After the fall of the Berlin Wall, debates occurred in all Central and Eastern European countries about what should be done with the public monuments to socialist ideology. After considering destroying them in Hungary, the authorities finally decided to keep the statues erected during the socialist period and display them in a dedicated park. Memento Park was inaugurated in 1993 in Budapest’s 22nd district, along Route 7. Designed by the architect Áko Eleodn, it aimed to preserve this heritage and create “a space for reflection and critical analysis”(1). It’s a gamble that has paid off, as the atmosphere of this singular place captivates visitors.
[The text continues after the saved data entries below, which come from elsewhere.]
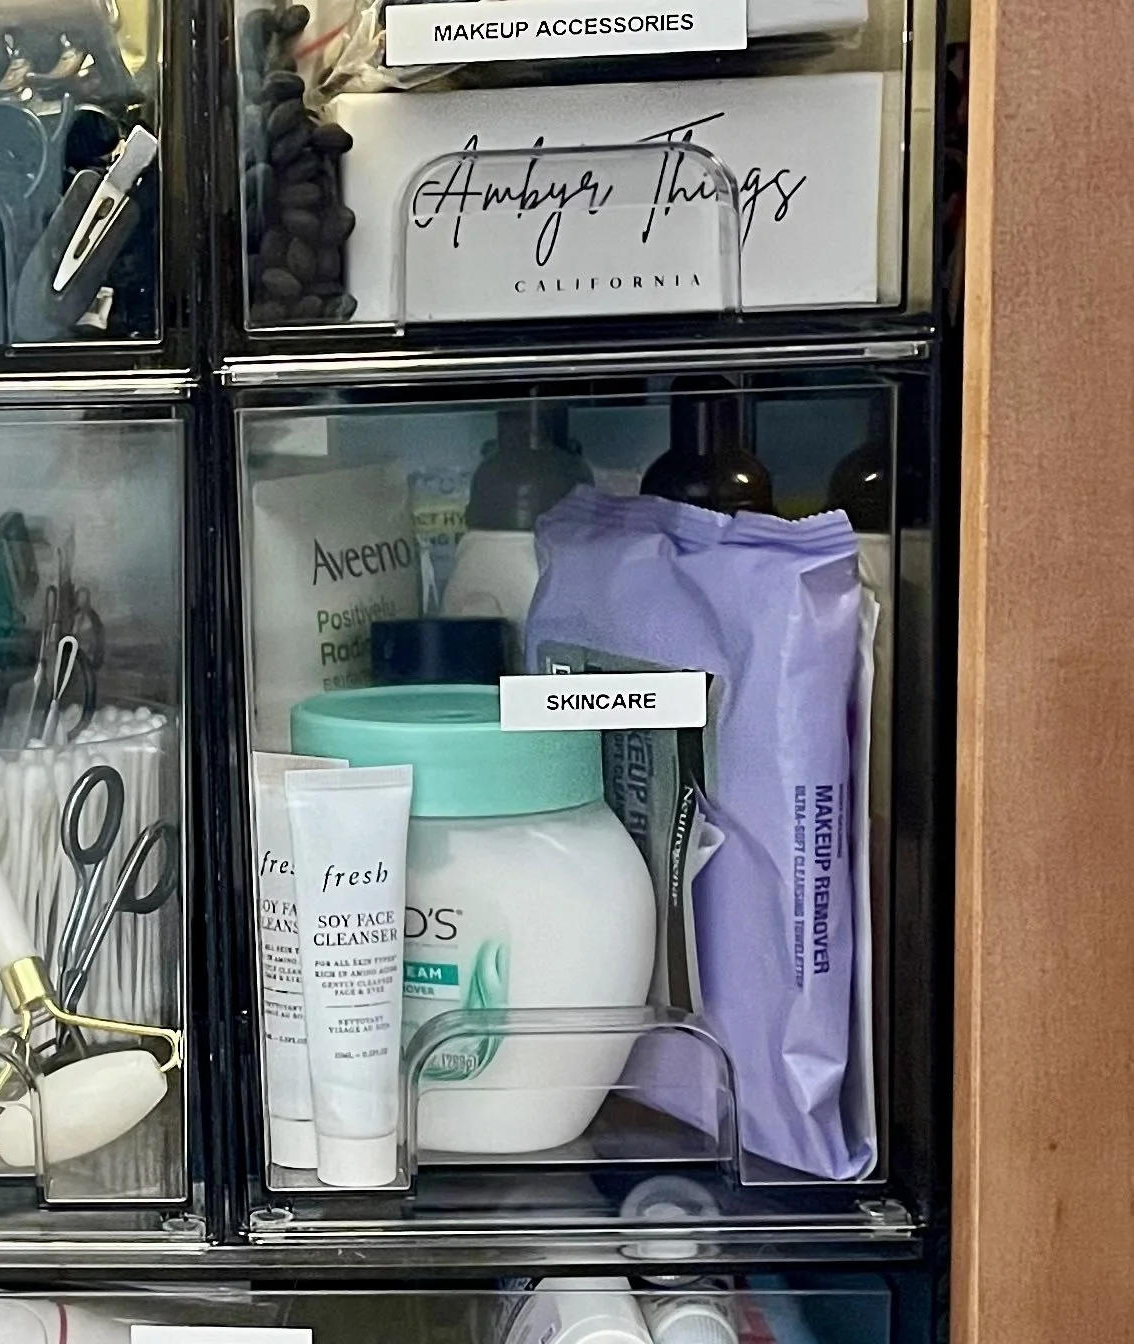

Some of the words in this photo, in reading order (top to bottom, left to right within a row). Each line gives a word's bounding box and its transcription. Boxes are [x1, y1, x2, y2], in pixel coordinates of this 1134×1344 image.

[434, 21, 529, 42] MAKEUP
[535, 13, 694, 38] ACCESSORIES
[413, 135, 614, 266] Ambyr
[637, 112, 807, 251] Things
[514, 273, 702, 294] CALIFORNIA
[313, 538, 411, 585] Aveeno
[547, 693, 657, 711] SKINCARE
[794, 785, 806, 853] ULTRA-SOFT
[814, 785, 833, 871] MAKEUP
[322, 861, 389, 893] fresh
[318, 914, 352, 929] SOY
[357, 910, 396, 928] FACE
[813, 876, 830, 974] REMOVER
[313, 927, 398, 947] CLEANSER
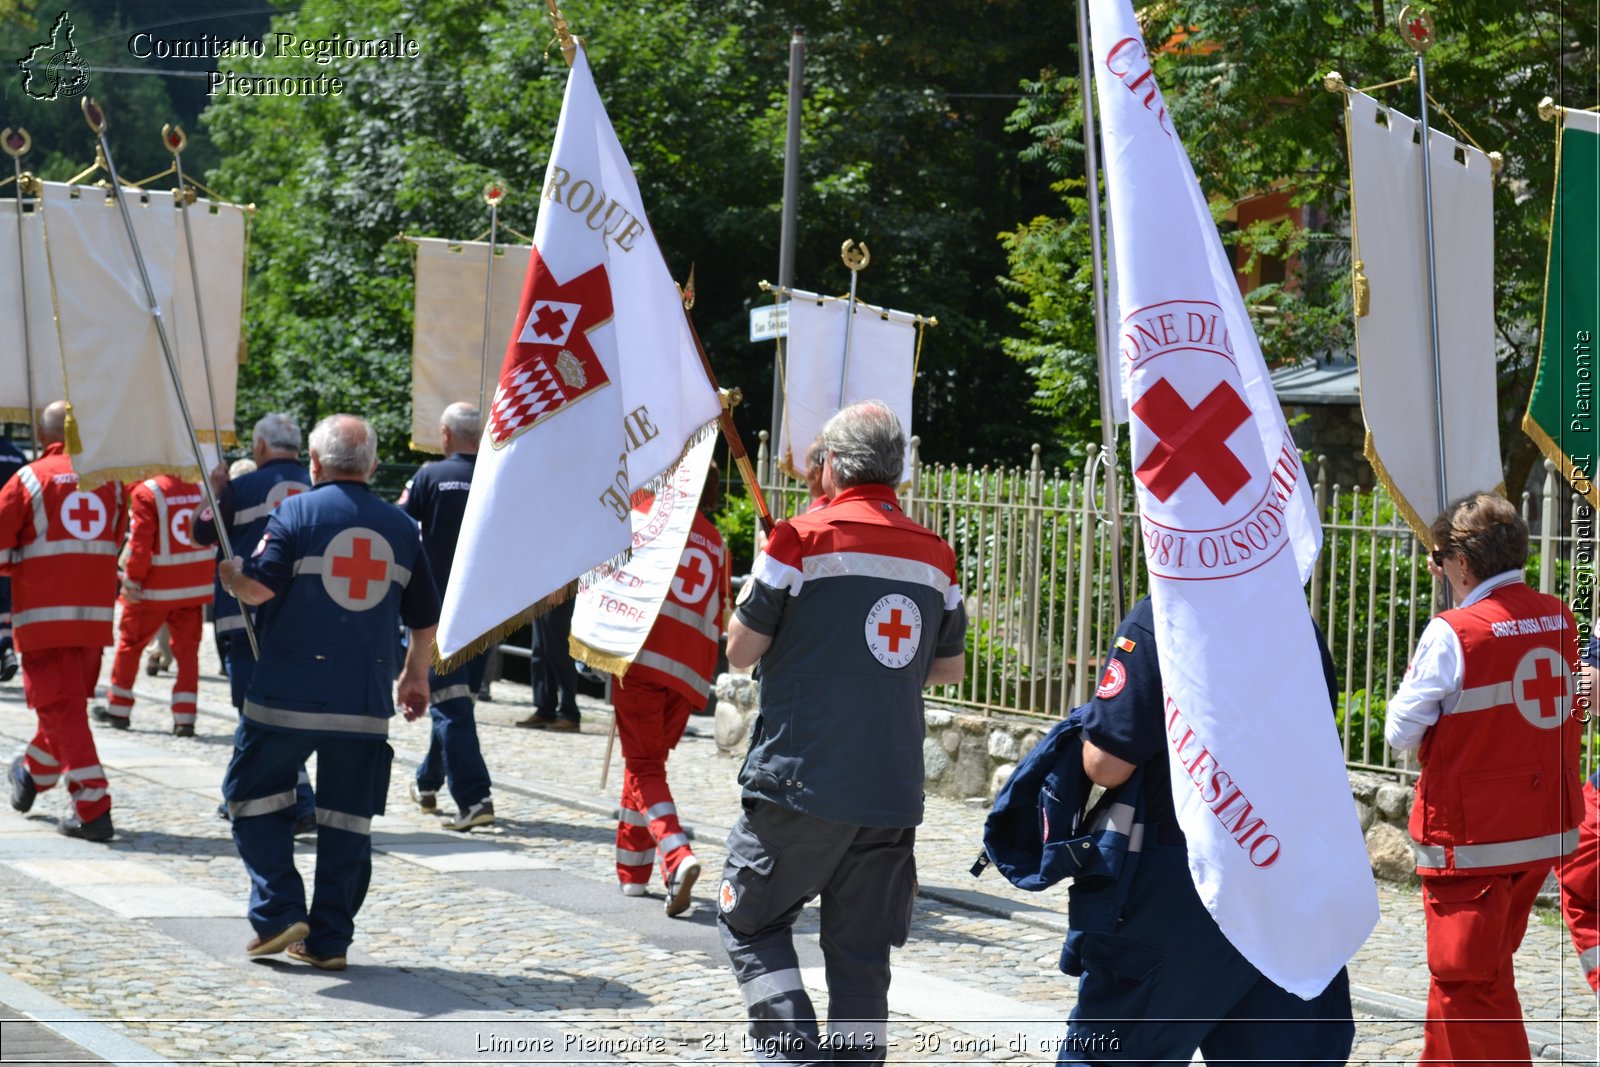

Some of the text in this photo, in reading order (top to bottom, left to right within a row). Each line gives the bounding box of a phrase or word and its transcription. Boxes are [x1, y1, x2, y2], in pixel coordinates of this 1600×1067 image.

The size of the statues, the space between them, and the propaganda museum set up in the park give visitors a clear idea of how propaganda and the cult of personality came to be imposed on the citizens of socialist countries. The labels accompanying the statues on display don’t say much. Here, it’s a question of traveling through time, of feeling rather than reading. The Memento Park, though dilapidated, has the power to transport visitors to another time and place.
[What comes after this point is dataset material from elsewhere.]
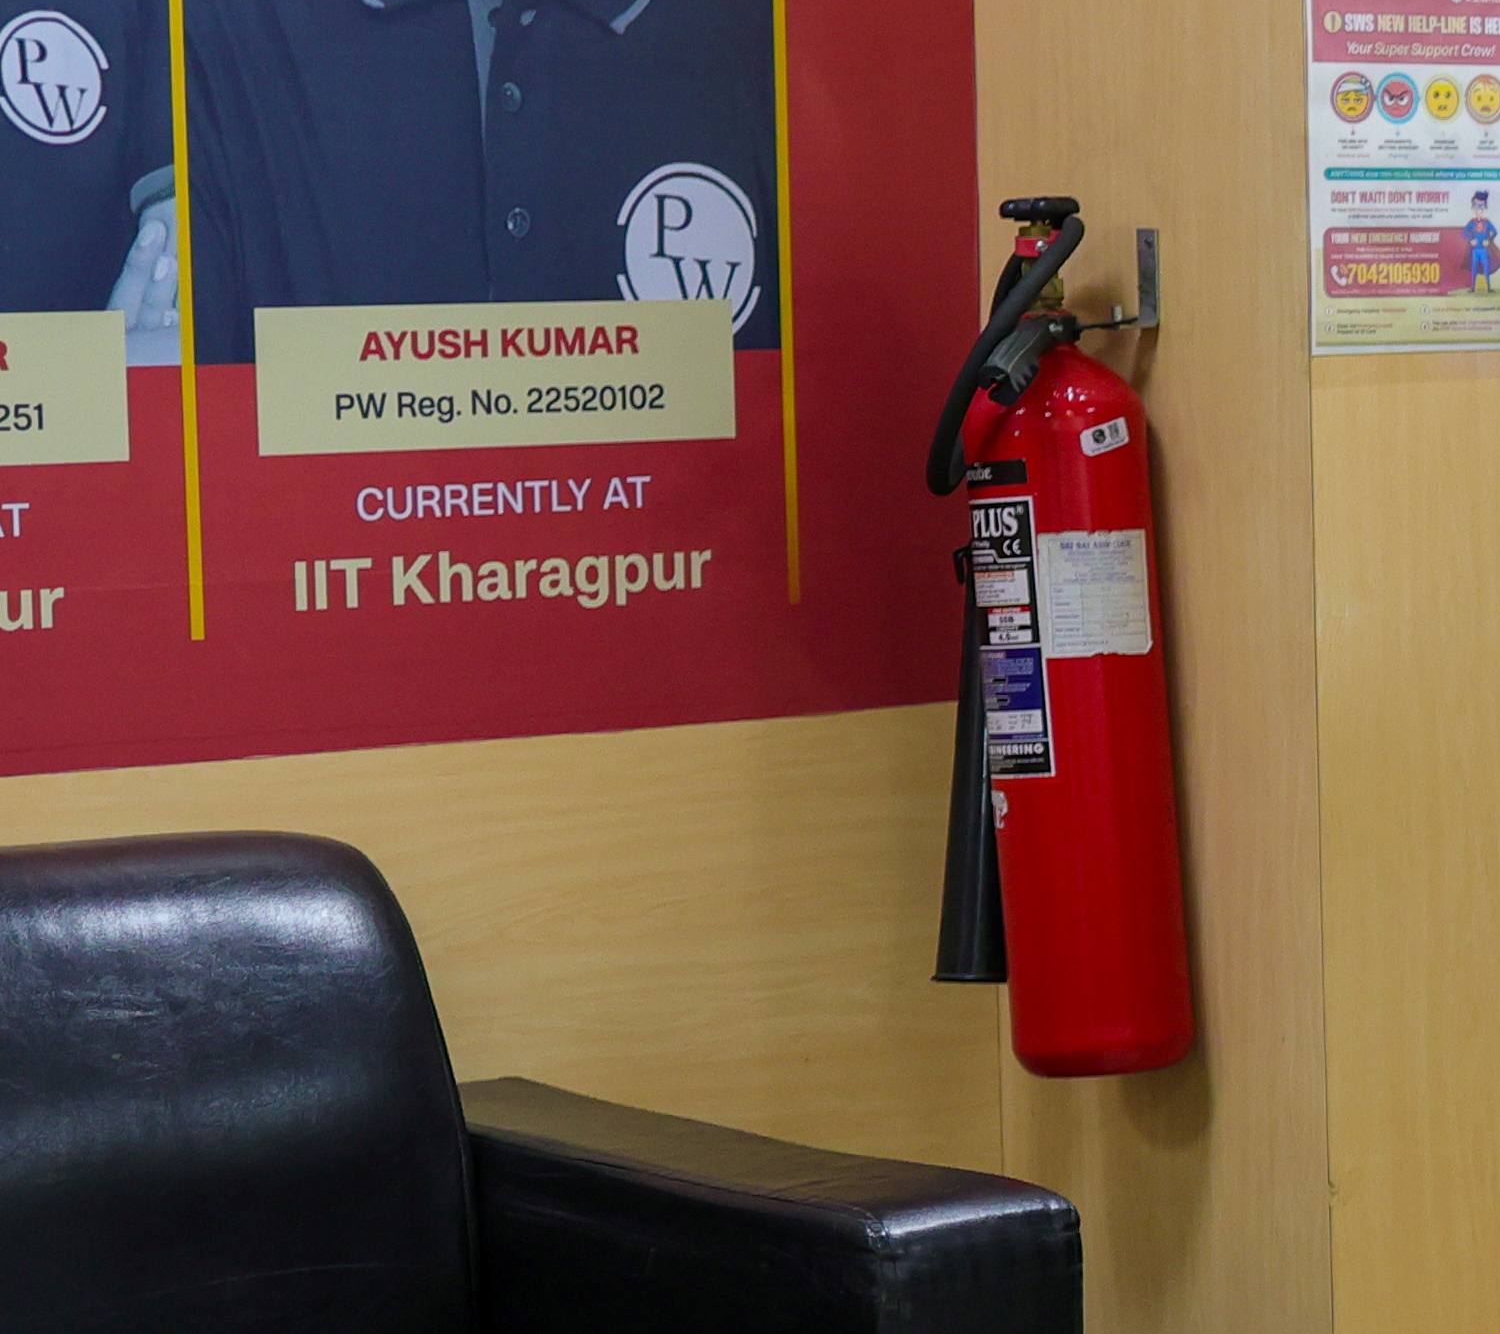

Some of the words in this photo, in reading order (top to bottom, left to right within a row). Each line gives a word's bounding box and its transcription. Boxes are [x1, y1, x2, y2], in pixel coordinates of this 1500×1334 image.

At the entrance to the park, Karl Marx and Friedrich Engels greet visitors with stern stares.
Memento Park is divided into six large circles around which the statues are arranged. A seventh circle, decorated with the Communist star, is placed in the middle of the park.
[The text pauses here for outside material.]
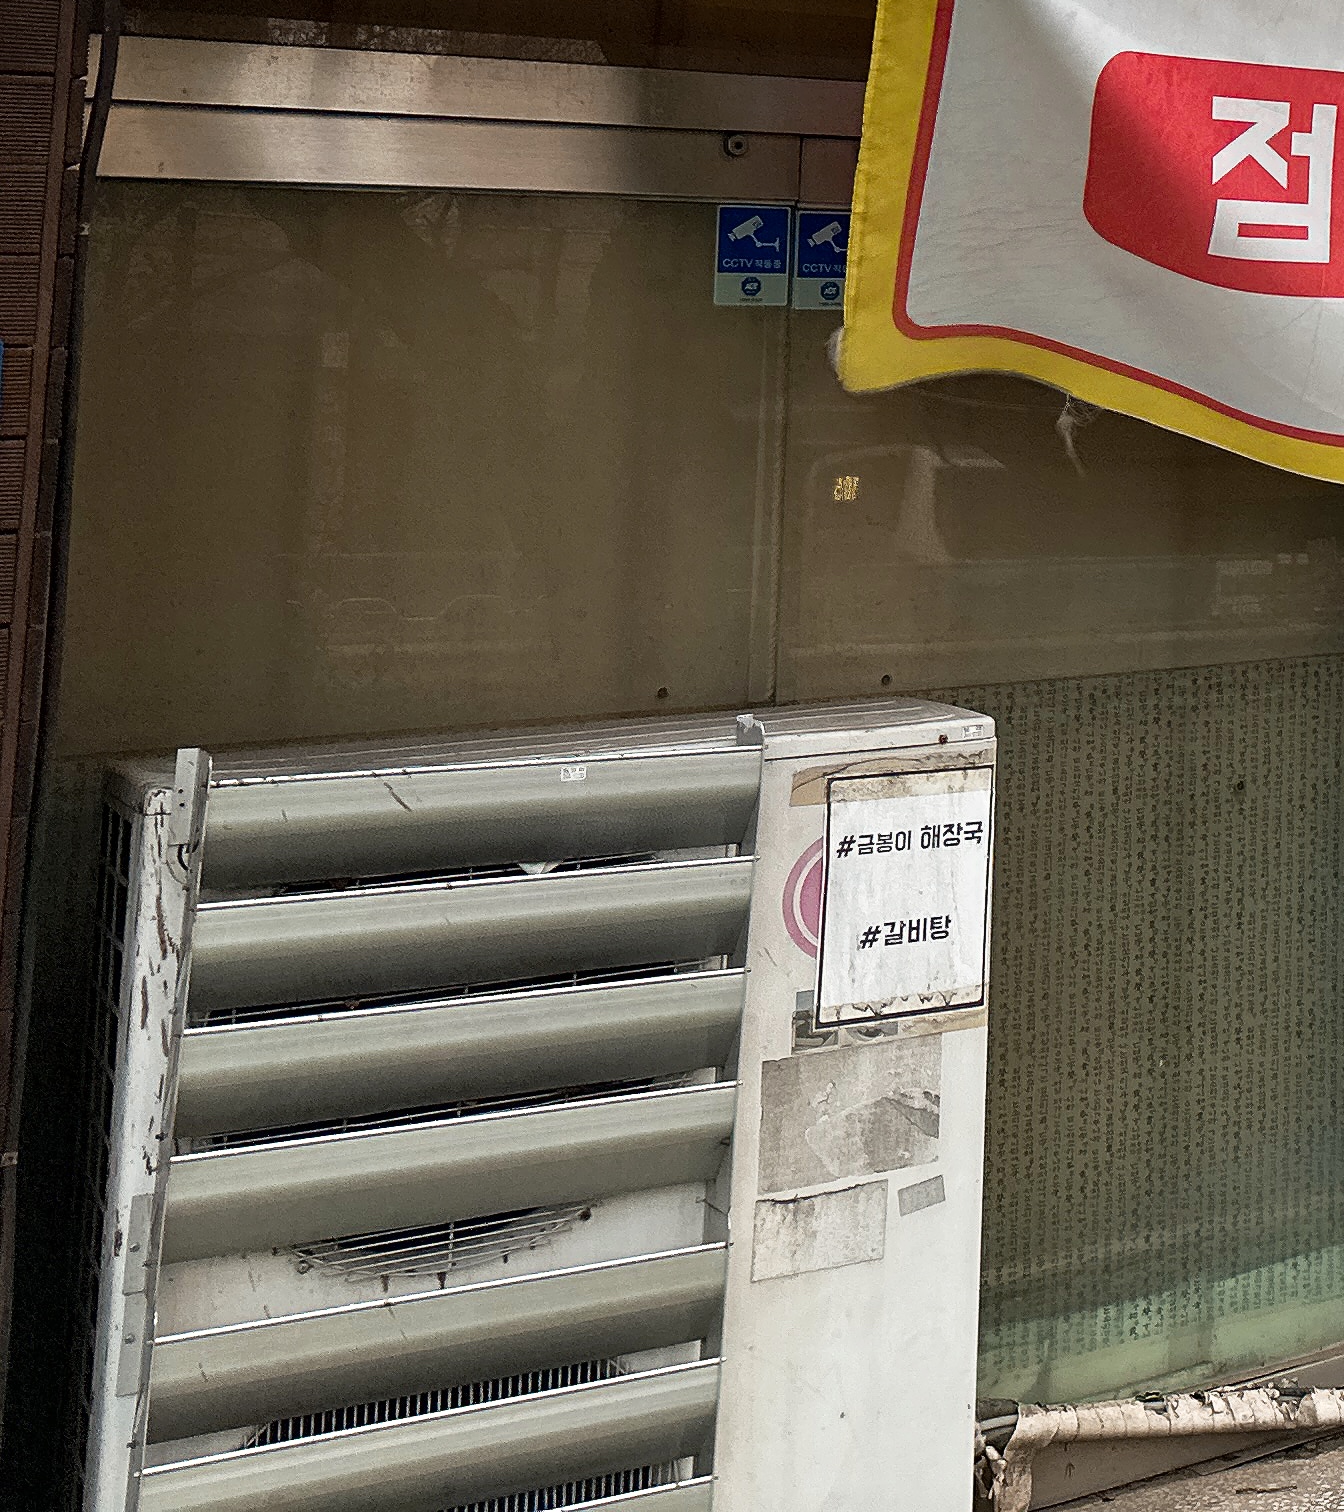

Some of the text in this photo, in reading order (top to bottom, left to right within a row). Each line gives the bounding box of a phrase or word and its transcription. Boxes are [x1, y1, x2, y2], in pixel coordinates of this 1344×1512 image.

[722, 258, 753, 268] CCTV
[802, 263, 832, 273] CCTV
[836, 820, 983, 858] #금봉이 해장국
[859, 915, 952, 950] #갈비탕
In the foreground are the statues of Captains Steinmetz and Ostapenko, who died during the Nazi siege of Budapest in 1944. Separated for decades in the Hungarian capital, they are finally reunited.
The Soviet-Hungarian Friendship Memorial shows a Hungarian worker sincerely offering his friendship, with both hands, to a more reserved Soviet soldier.
Monument to the Republic of Councils, based on a revolutionary poster from 1919.
The statue of Lenin was erected on 7 November 1958 at the entrance to the Csepel metallurgical plant after Nikita Khrushchev, visiting Budapest in April 1958, was surprised that there was no monument to remind workers of the power of communist ideology.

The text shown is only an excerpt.